This is an early experimental LoRA that adds bbox guided inpainting / editing to the Ideogram 4 model. It is a work in progress, so the files here are snapshots at different points in time while I adjust training parameters and build a better dataset.
I currently get the most stable results with the checkpoint at step 4000 of the second training run.
The dataset is very small, so do not expect any magic or precision. It is a starting point that hopefully evolves over the next weeks as I prepare a bigger dataset and start over with training with larger rank and finetuned parameters.
Prerequisites
Custom Node
You can find my custom node set on GitHub at ComfyUI-bitpoet-IG4Inpaint. The necessary workflow is included in the node or can be downloaded here.
ComfyUI Changes
Check out or download the dev-ideogram4-inpaint branch of my Comfy fork.
Training
To train with reference images, you currently need to use a slightly adapted fork of AI-Toolkit. You can find my bitpoet-ideogram4-refimages branch here on GitHub
It also includes a fix for the UTF-8 / ANSII error lately popping up on Windows that has jobs fail at startup.
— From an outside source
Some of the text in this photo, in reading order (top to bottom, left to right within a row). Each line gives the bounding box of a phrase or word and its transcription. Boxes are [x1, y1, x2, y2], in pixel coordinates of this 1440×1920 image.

Note that this AI-Toolkit adaption has a switch for reference image support at the top of the dataset editor. You have to switch this on every time you open a dataset with reference images.
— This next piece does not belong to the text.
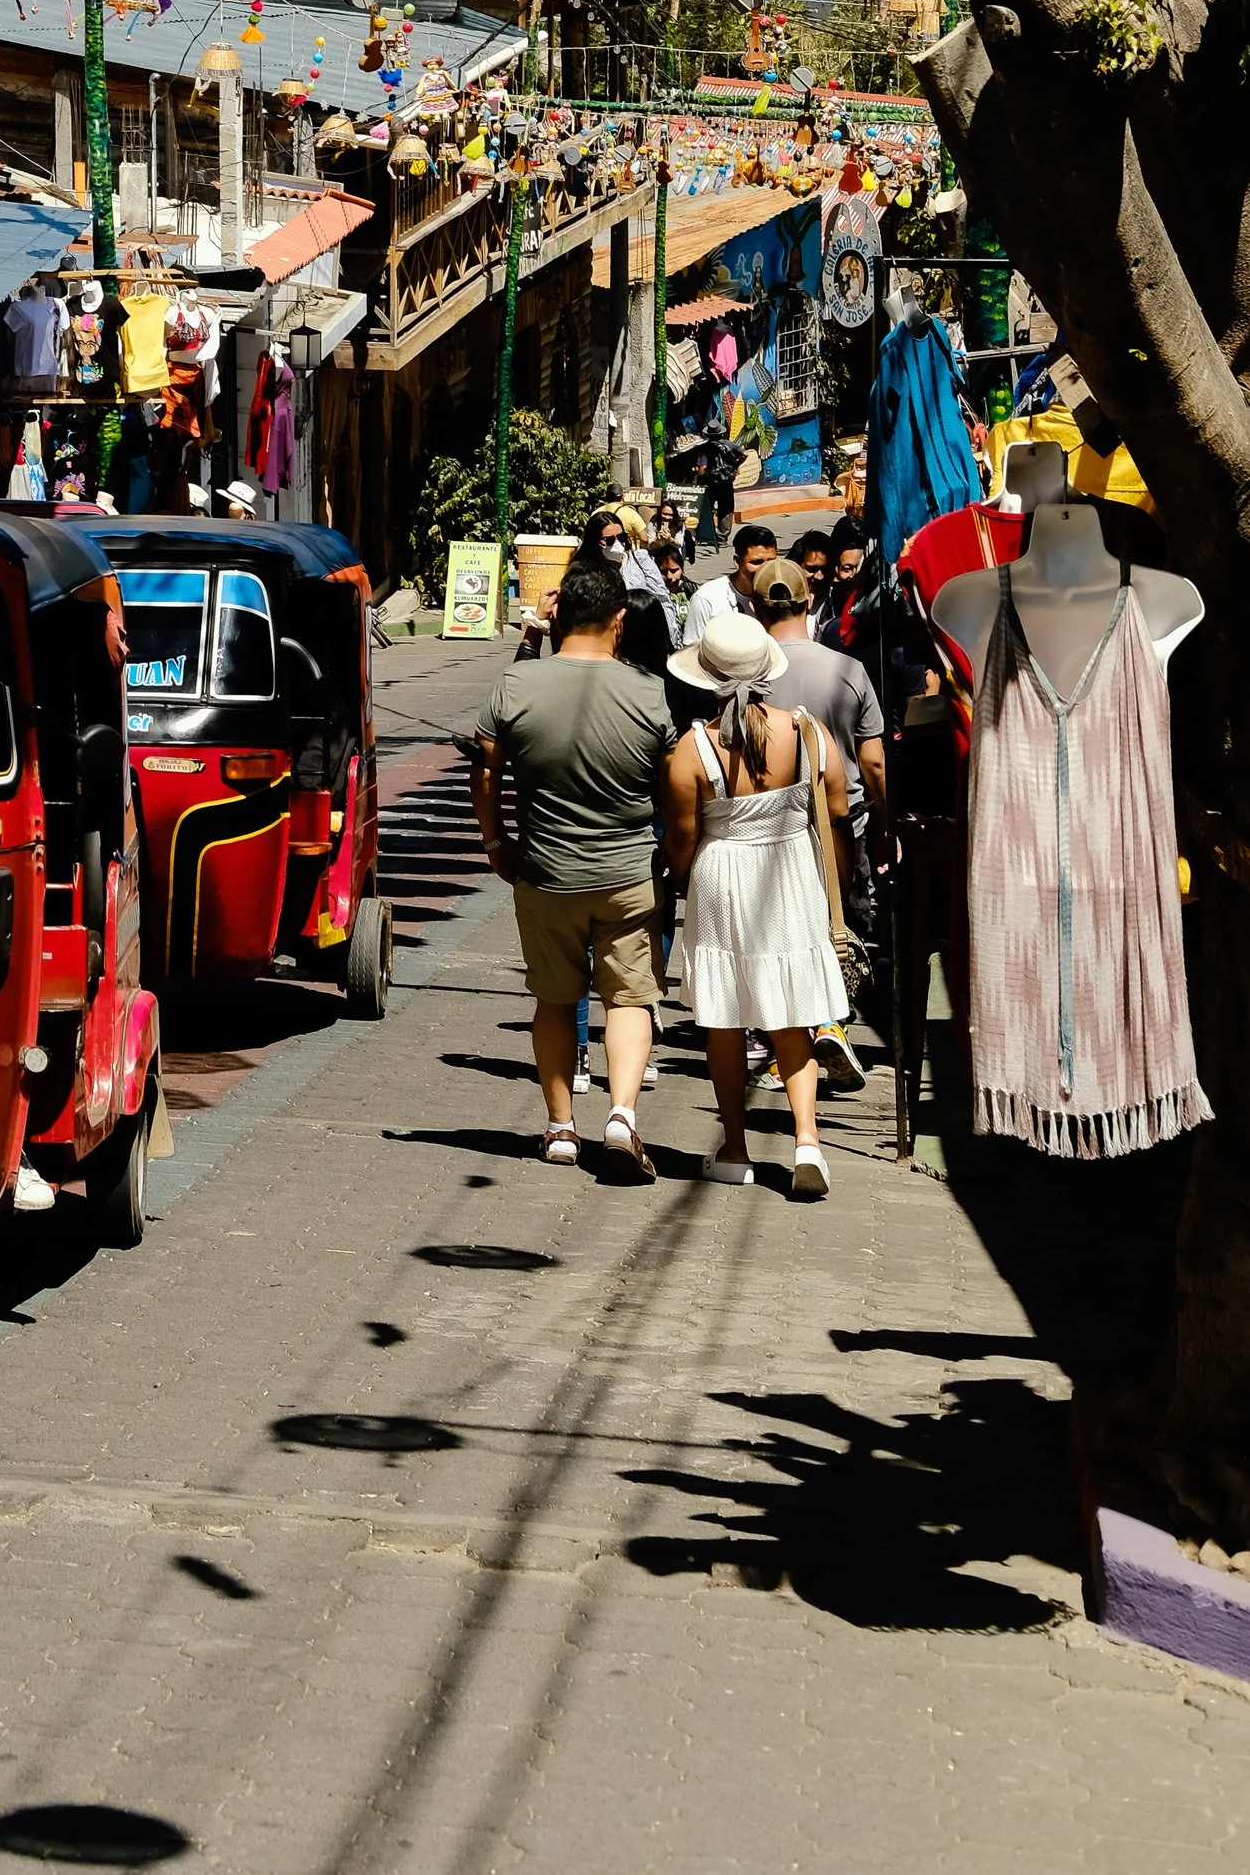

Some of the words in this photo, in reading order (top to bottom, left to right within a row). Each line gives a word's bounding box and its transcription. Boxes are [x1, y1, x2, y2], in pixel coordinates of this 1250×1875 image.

An example training config for AI-Toolkit is also in this repository.
I will add a small example dataset at some point.
If you want to assemble your own dataset, you might find my simple node.js based dataset editor handy. It's tailored for especially for Ideogram 4 image-reference-prompt datasets, with a graphical bbox editor and completion indication.
Buzzwords (technical details)
What we changed in AI-Toolkit besides the dataset editor:
We added reference-latent token concatenation for Ideogram 4: each clean reference image is VAE-encoded and appended to the packed sequence as [text | noisy target | clean reference], with its own indicator, MRoPE time coordinate, and clean timestep. The transformer output and diffusion loss are sliced to target tokens only, while bounding-box JSON prompts provide spatial edit conditioning.
These changes have to be mirrored in ComfyUI as well:
ComfyUI core: Extended the native Ideogram 4 model to accept reference latents and reproduce the training sequence [text | noisy output | clean reference], including the separate indicator, MRoPE coordinate, clean timestep, and output-only prediction slicing.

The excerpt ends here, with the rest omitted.